Saturn transiting my natal 1st house has made me realise that life does consist of work, and that work is a kind of form of benign slavery which binds you to one city in one country with slim chance of going anywhere else, or even the possibility of going anywhere else. The fact of having late Virgo rising has resulted in Saturn in Exaltation making this kind of bind a little more pleasant, or nicer than it might otherwise have been. The place of work is an amiable sort of place, with little touches here and there. It´s something I am grateful for.

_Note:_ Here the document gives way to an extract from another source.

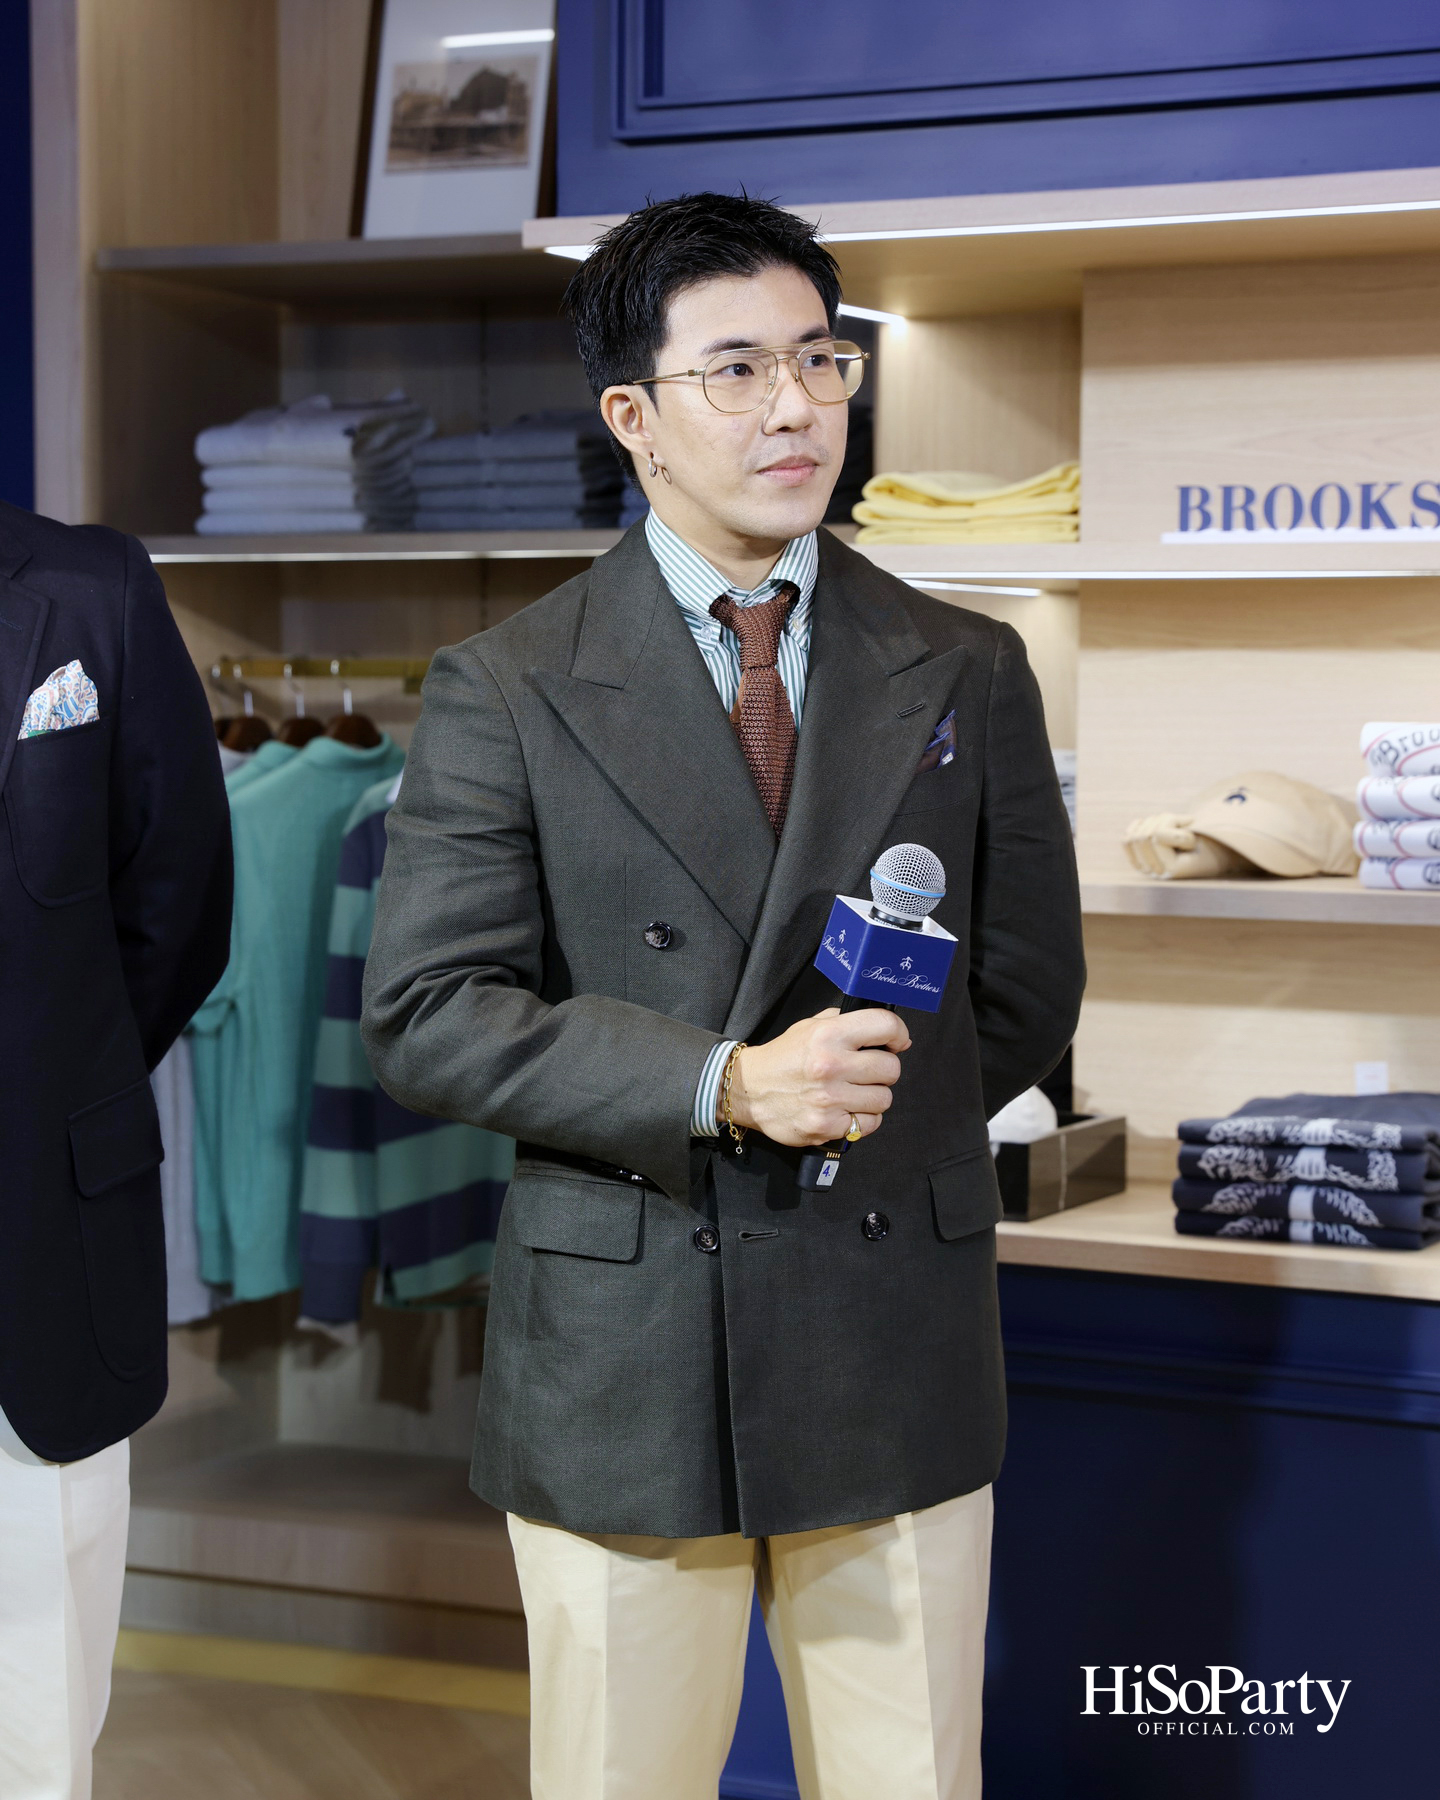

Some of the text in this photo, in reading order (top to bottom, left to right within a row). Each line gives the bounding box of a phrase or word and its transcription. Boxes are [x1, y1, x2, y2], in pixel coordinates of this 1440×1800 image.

[1176, 481, 1440, 532] BROOKS
[861, 966, 941, 993] Brooks Brothers

The childhood sense of wonder doesn´t have to die though. A year of work, and I will have money saved and I will have time off. Time will never be infinite with Saturn in the first, however, there will be opportunities further along in life to be reckless with a yacht or to go off to some mountains with a tent. Dreams which were impossible because I didn´t have the money or the will to do some of them will be possible some time. The possibilities of expansion for a disciplined and tempered mind may be even greater, for one is unlikely to make as many mistakes with knowledge.
Make it Concrete
The second realisation is that although it is fine and well to be an optimist, to have an expansive Sagittarian nature that appreciates sci-fi or long books, travel, religion etc. There is a point in life in which we must actualise things. Expansion and optimism have to be put to a purpose. The Saturnine purpose is a purpose that is repeated, buildings that stand in stone. Work must not just be work. When I am teaching, that inner optimism is still there I hope, the expansion takes the form of speaking, but it is still there.

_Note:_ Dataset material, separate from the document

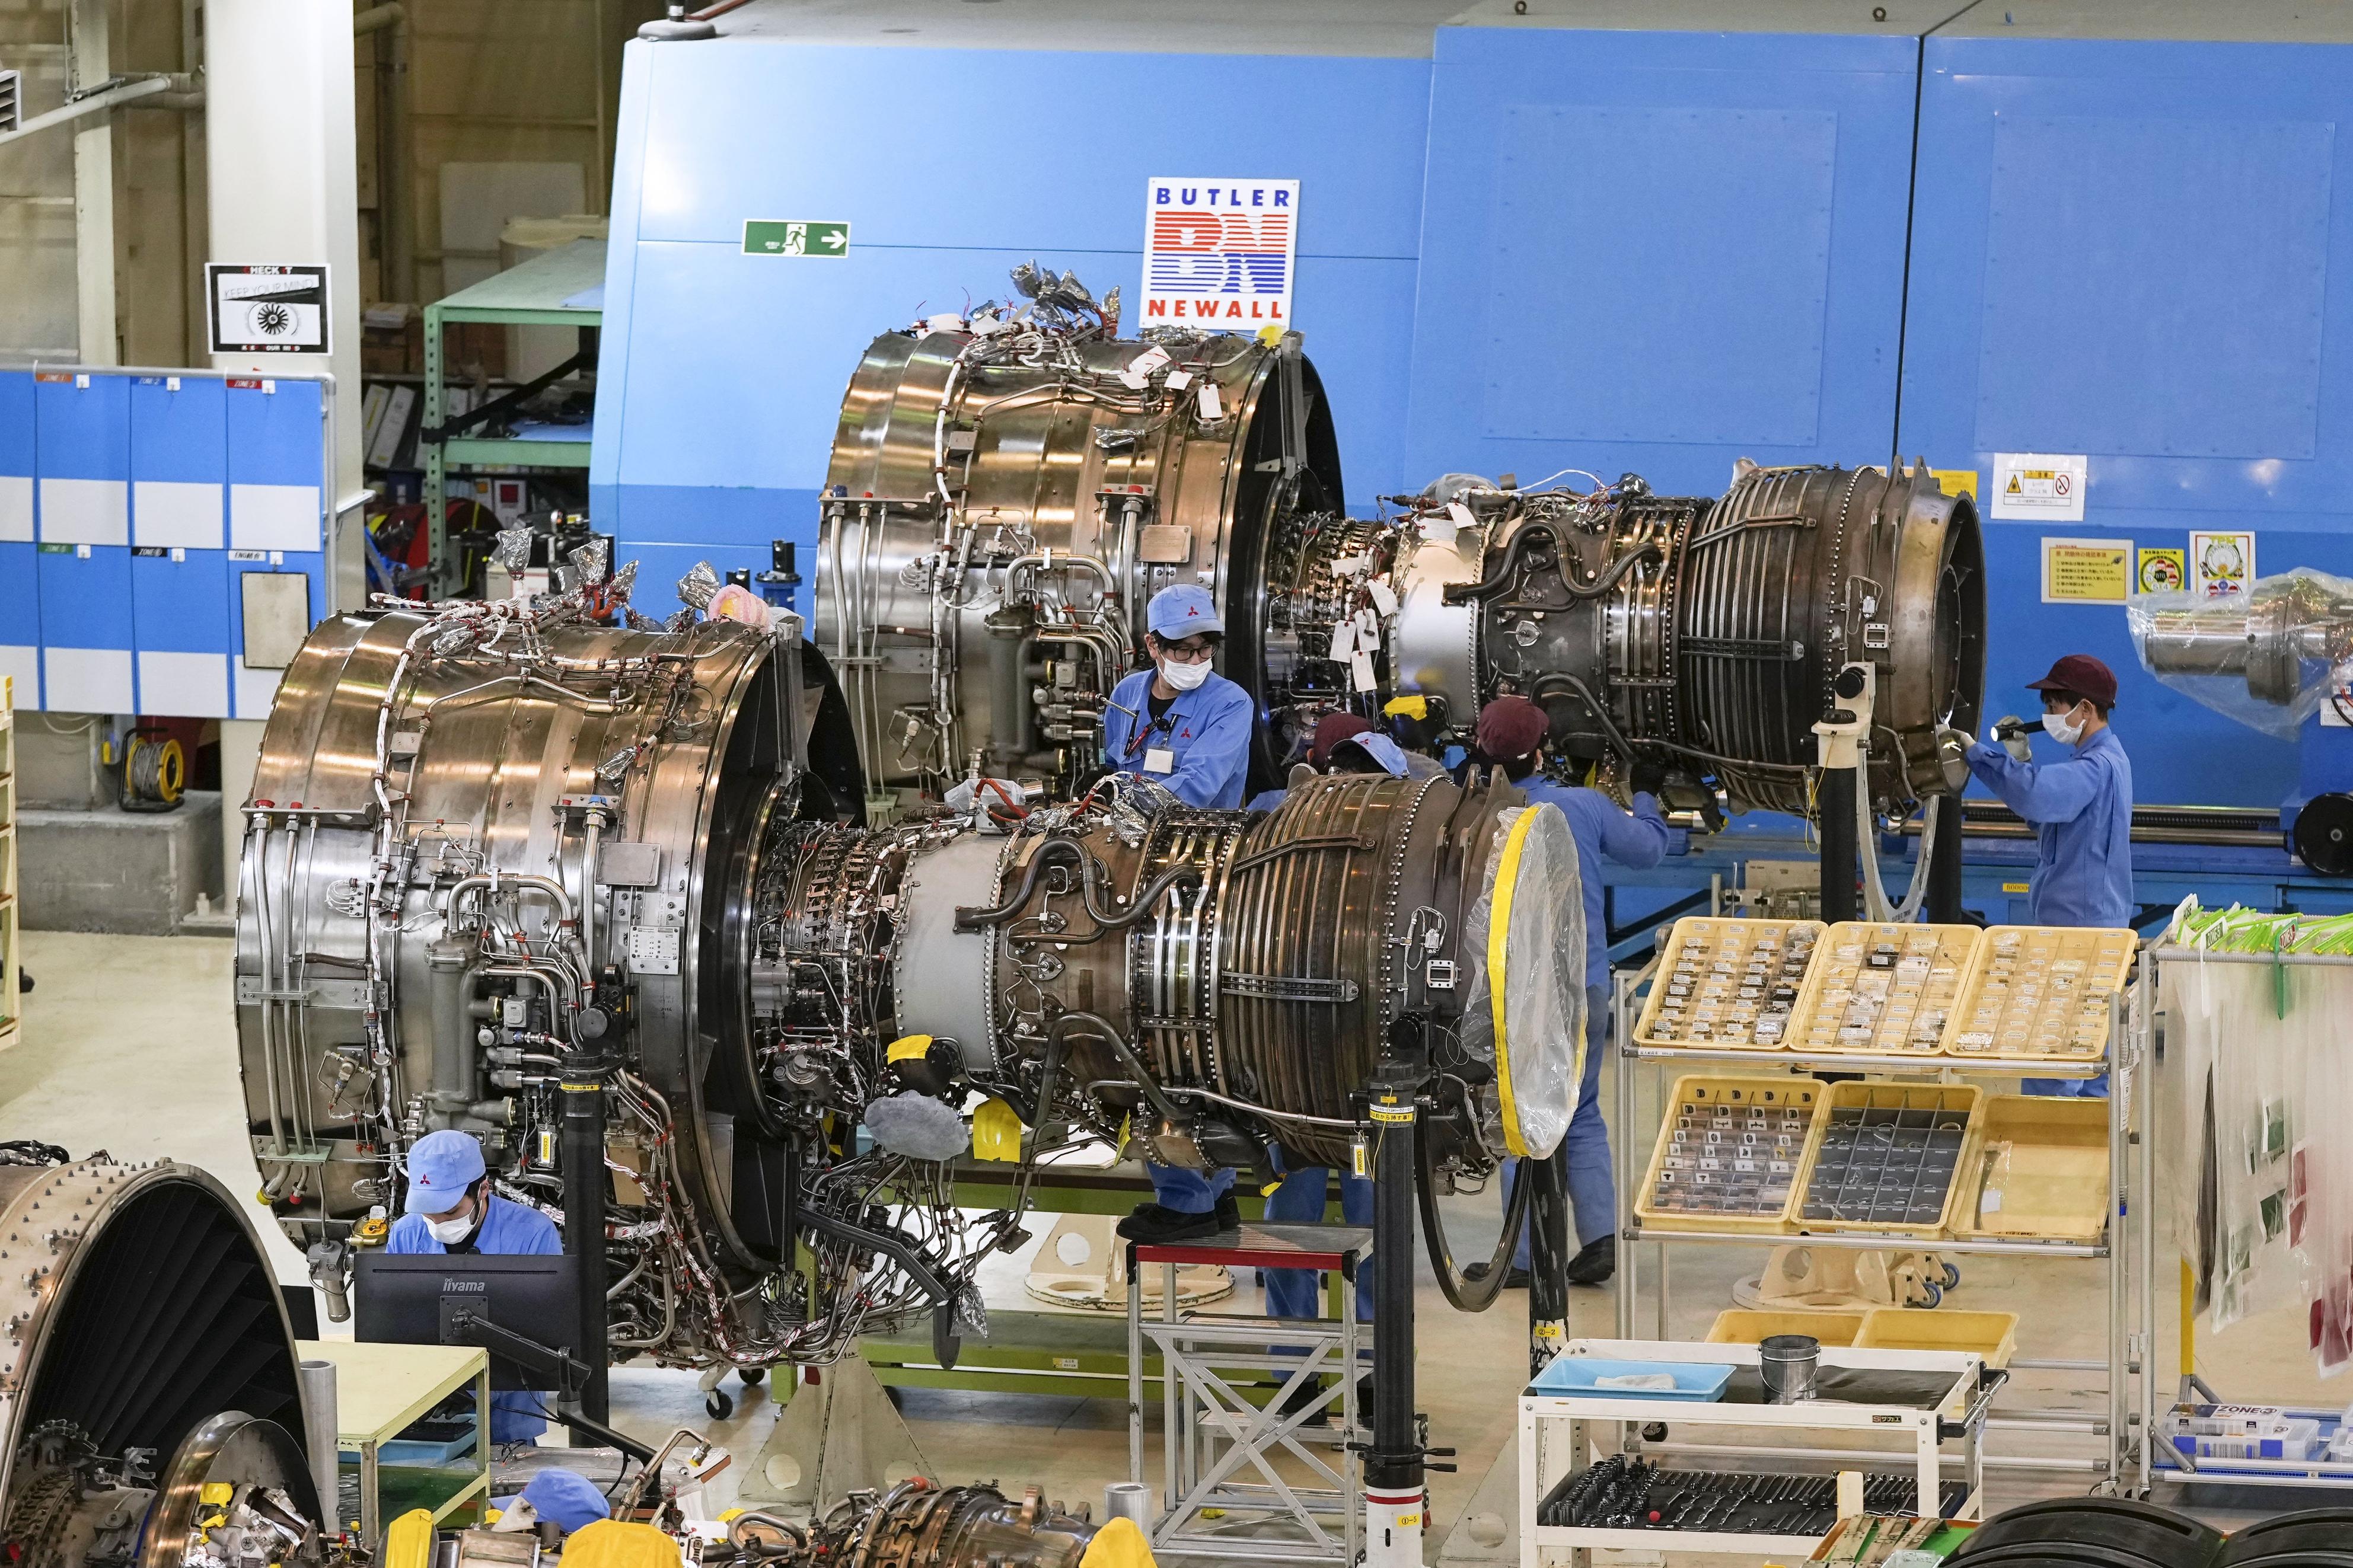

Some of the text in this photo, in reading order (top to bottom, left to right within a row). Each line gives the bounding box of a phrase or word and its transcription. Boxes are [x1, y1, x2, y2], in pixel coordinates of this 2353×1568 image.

[1156, 187, 1290, 207] BUTLER
[242, 266, 279, 274] CHECK
[1148, 299, 1283, 318] NEWALL
[442, 1278, 485, 1292] iiyama

The question I want to finish this little contemplation of Saturn´s serious transit in contrast to the inner optimist is on the lines of “what do I want to achieve?” or even “what do I want to be?”
No achievement will be satisfactory unless it is a personal inner achievement, something that I myself am pleased with. And it´s interesting that I pose the question of what I want to be with Saturn in the 1st house also. I propose that the measure for any achievement is also in a sense what I become at the same time. To achieve great things and yet to be weak, either morally or physically, would sully the whole thing. Yet to not achieve anything particularly special, but to be respected and liked, and to be strong, (morally or otherwise) would be worth it.